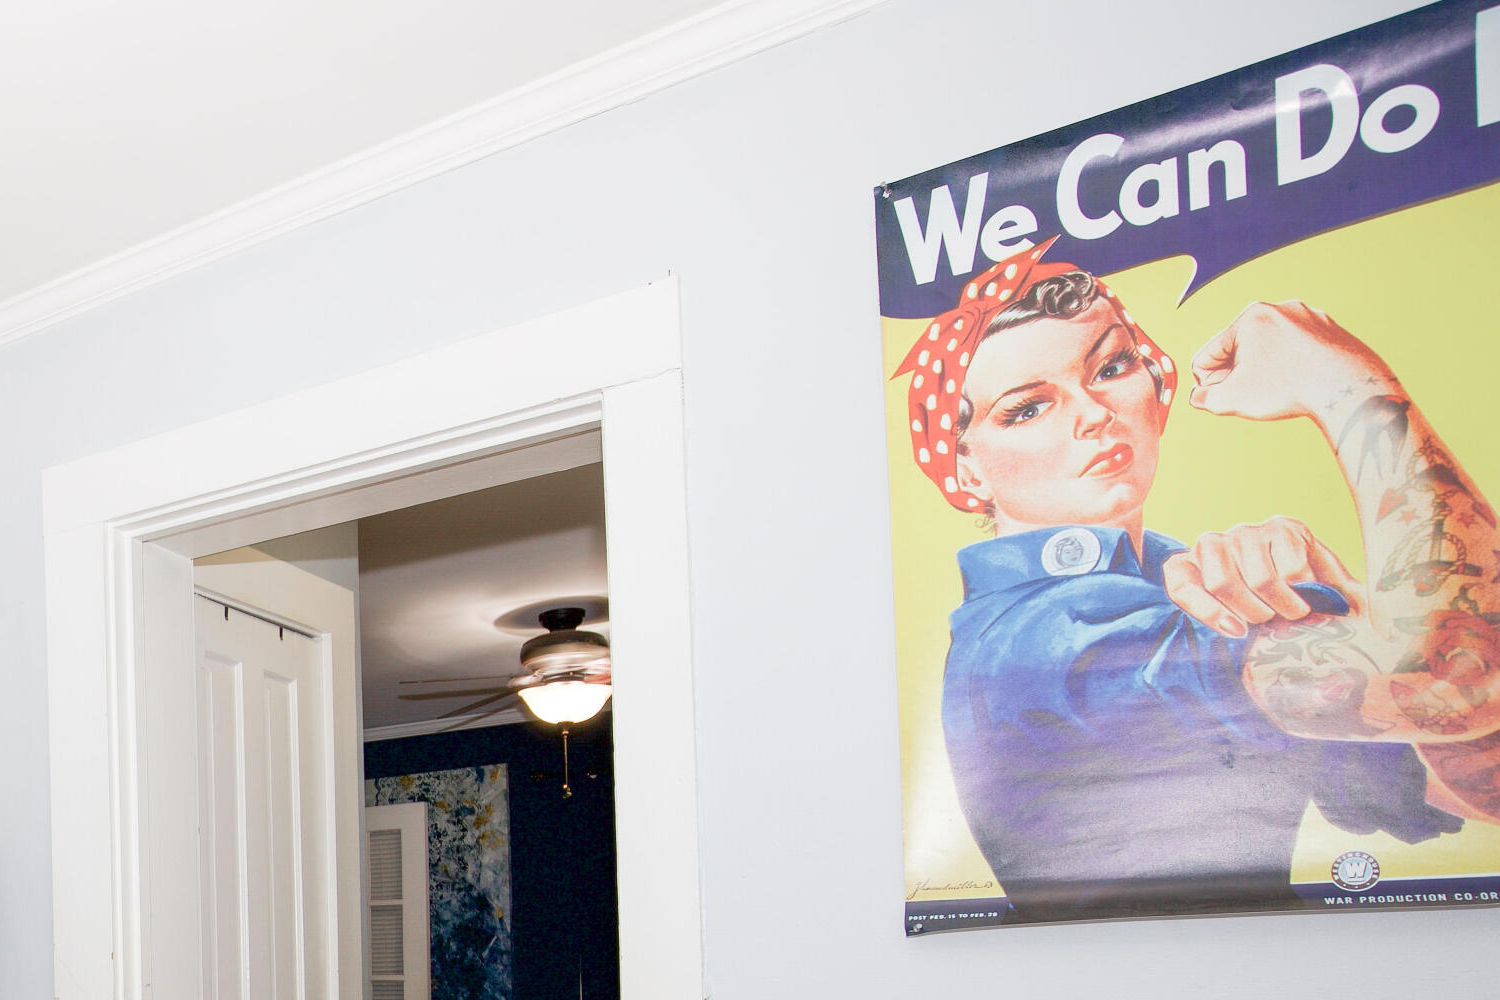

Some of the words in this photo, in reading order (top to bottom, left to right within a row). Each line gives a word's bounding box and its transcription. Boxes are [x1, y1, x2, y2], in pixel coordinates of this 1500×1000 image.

[894, 171, 1038, 285] We
[1056, 134, 1248, 240] Can
[1275, 64, 1440, 186] Do
[1324, 896, 1353, 905] WAR
[1359, 893, 1447, 904] PRODUCTION
[1454, 891, 1500, 901] CO-OR
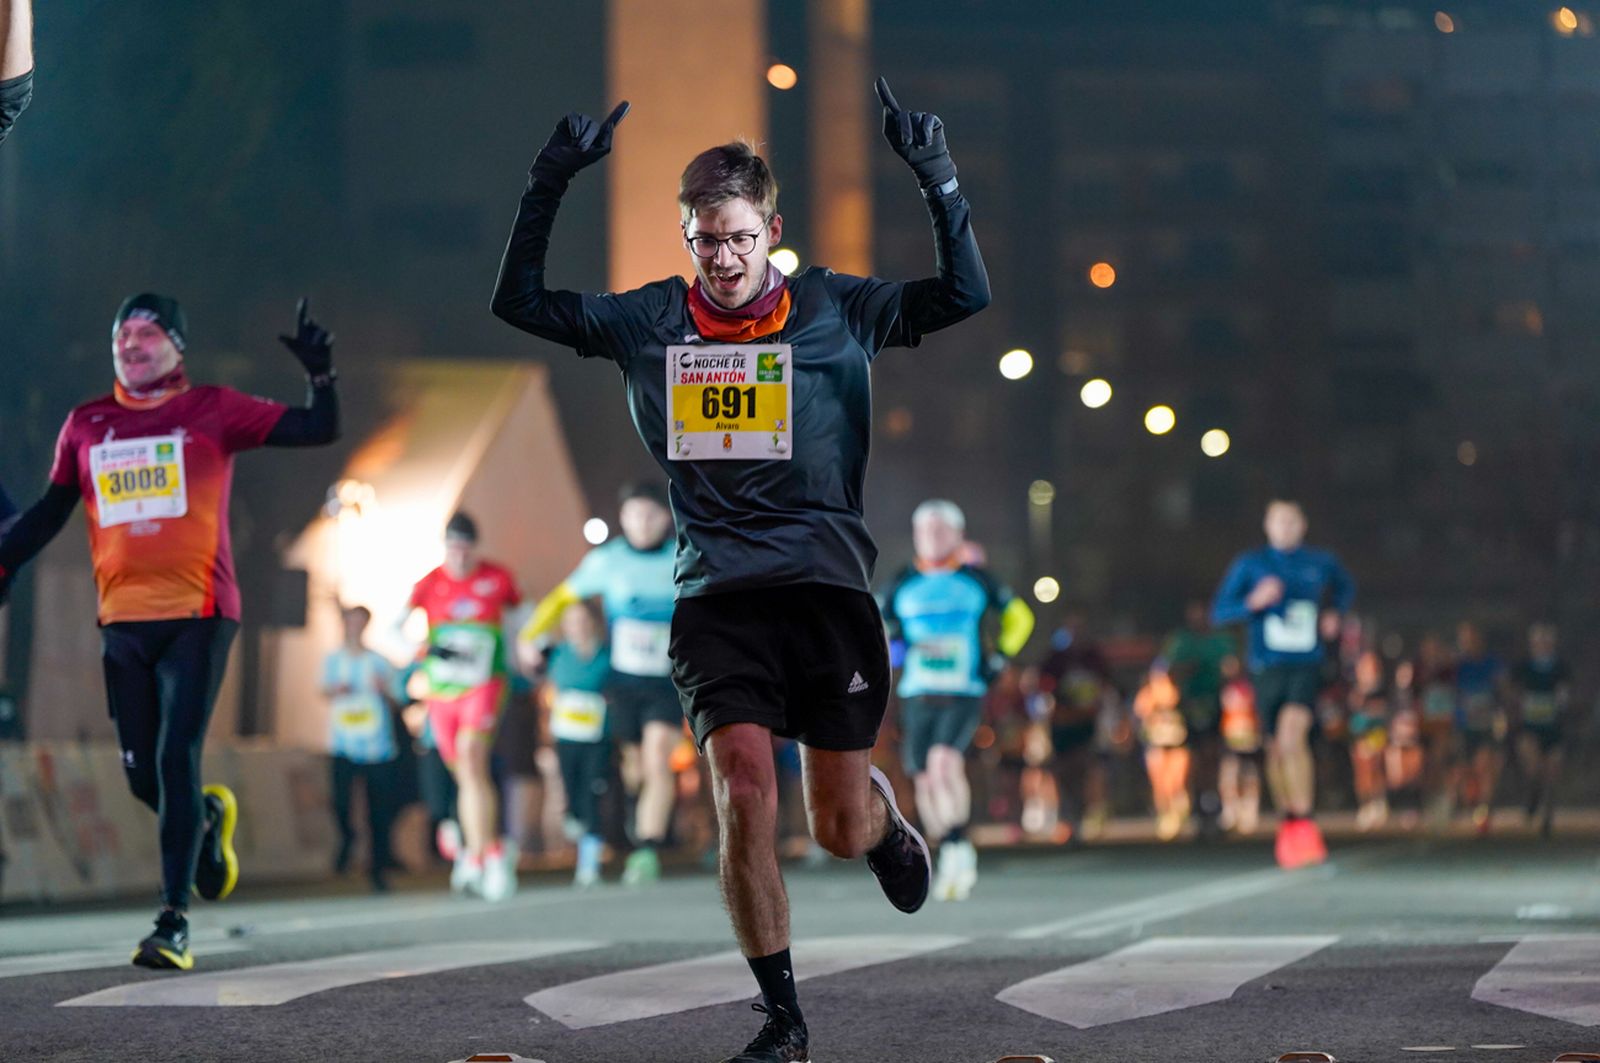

+ + + + +

_Brief_.
Please repeat every line of the material above exactly and without its pictures.

_Result of this task_.
Some of the words in this photo, in reading order (top to bottom, left to right within a row). Each line gives a word's bounding box and its transcription. Boxes are [x1, y1, x2, y2], in pixel coordinates of this 1500×1000 image.

[894, 171, 1038, 285] We
[1056, 134, 1248, 240] Can
[1275, 64, 1440, 186] Do
[1324, 896, 1353, 905] WAR
[1359, 893, 1447, 904] PRODUCTION
[1454, 891, 1500, 901] CO-OR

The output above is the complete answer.